**The task**
An exact retyping of all lines below is the answer; pictures do not belong in it.

————————

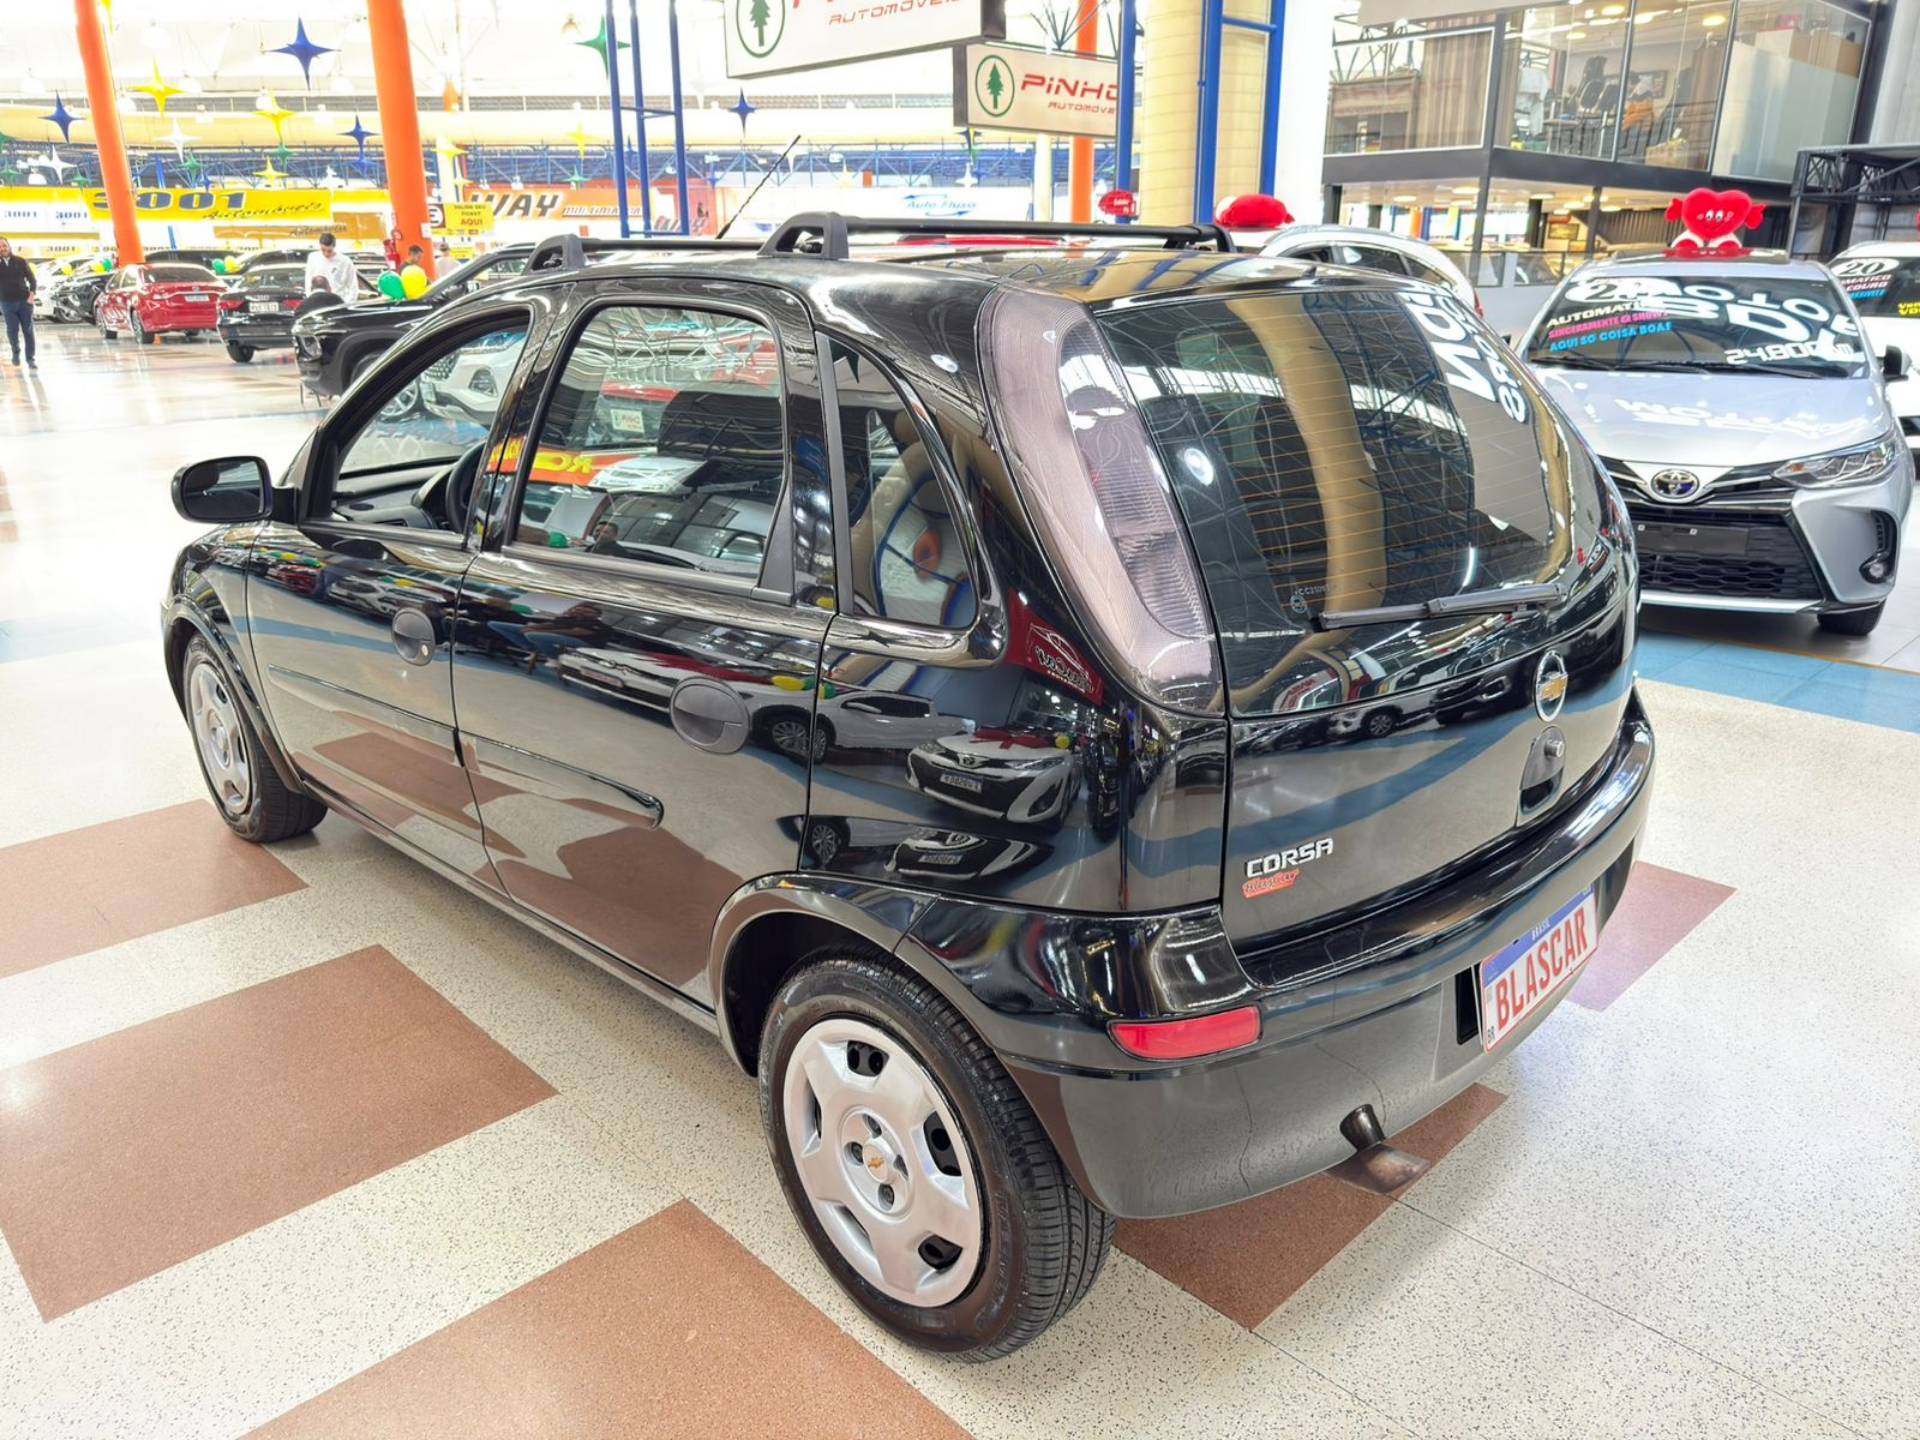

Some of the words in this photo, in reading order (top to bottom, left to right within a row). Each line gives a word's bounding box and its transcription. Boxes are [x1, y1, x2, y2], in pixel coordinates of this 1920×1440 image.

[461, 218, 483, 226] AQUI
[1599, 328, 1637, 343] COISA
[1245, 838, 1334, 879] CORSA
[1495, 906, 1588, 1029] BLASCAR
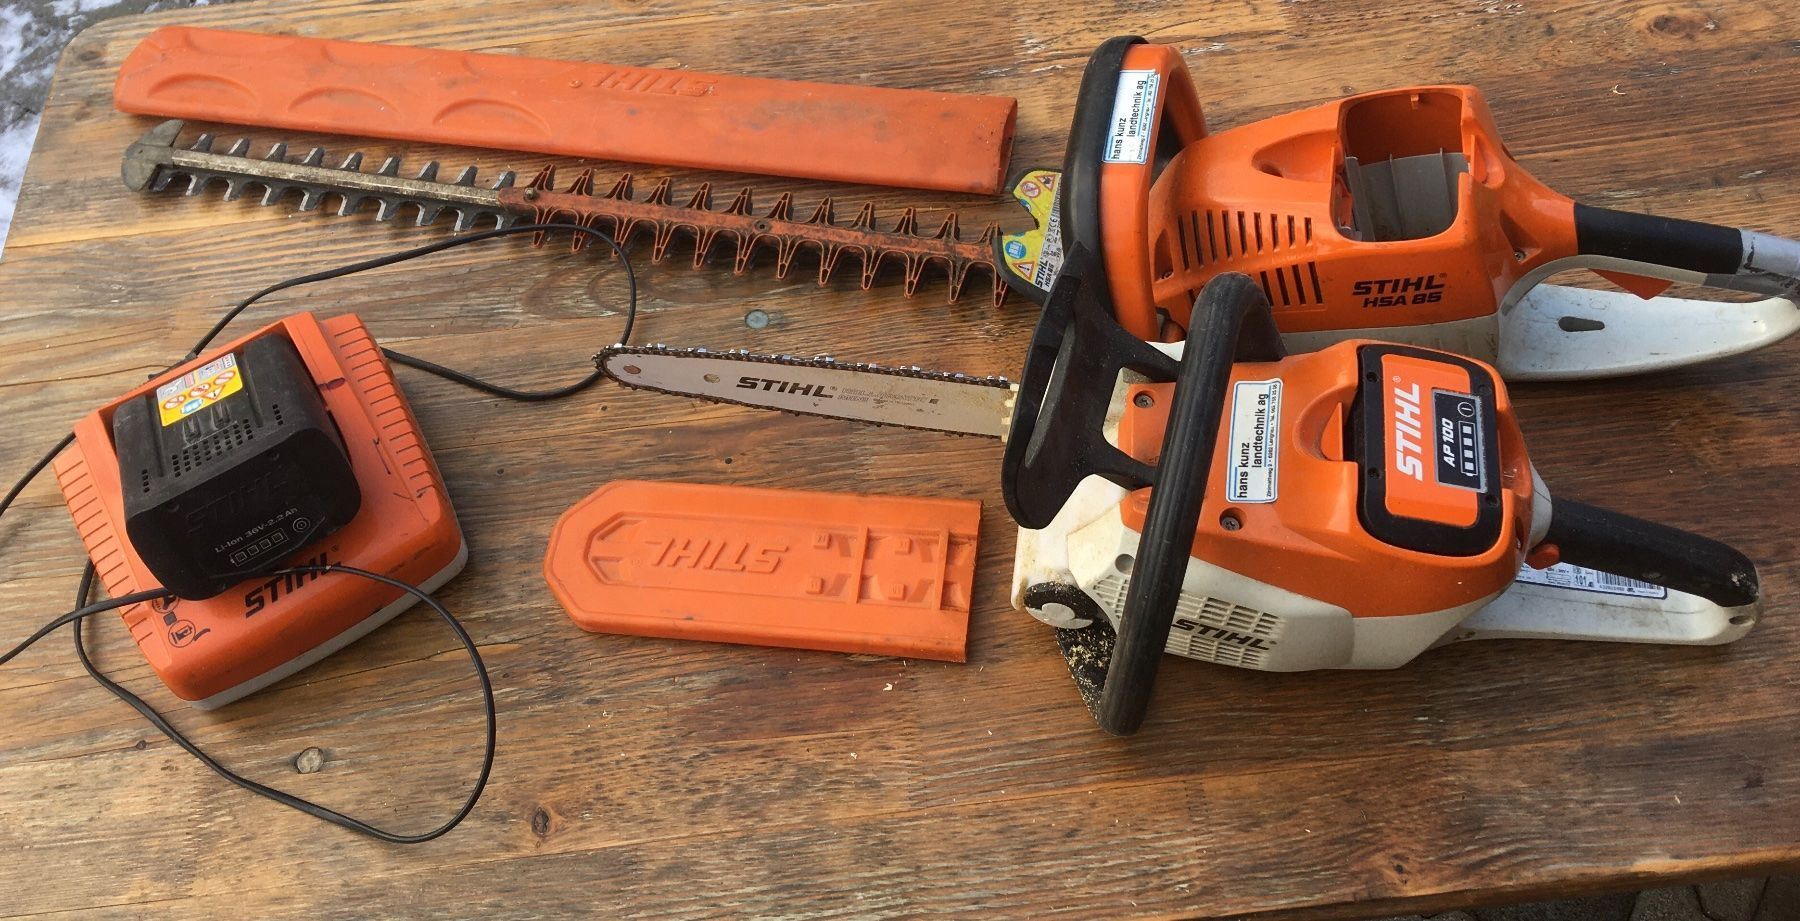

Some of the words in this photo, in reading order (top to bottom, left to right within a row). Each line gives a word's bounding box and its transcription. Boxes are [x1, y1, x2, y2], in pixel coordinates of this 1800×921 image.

————————

**Reply to the task**
Some of the words in this photo, in reading order (top to bottom, left to right within a row). Each line gives a word's bounding box and its transcription. Boxes are [x1, y1, x2, y2], in pixel coordinates of this 1920×1440 image.

[461, 218, 483, 226] AQUI
[1599, 328, 1637, 343] COISA
[1245, 838, 1334, 879] CORSA
[1495, 906, 1588, 1029] BLASCAR

Some of the words in this photo, in reading order (top to bottom, left to right within a row). Each line gives a word's bounding box and its transcription. Boxes are [x1, y1, x2, y2], in pixel coordinates of this 1800×921 image.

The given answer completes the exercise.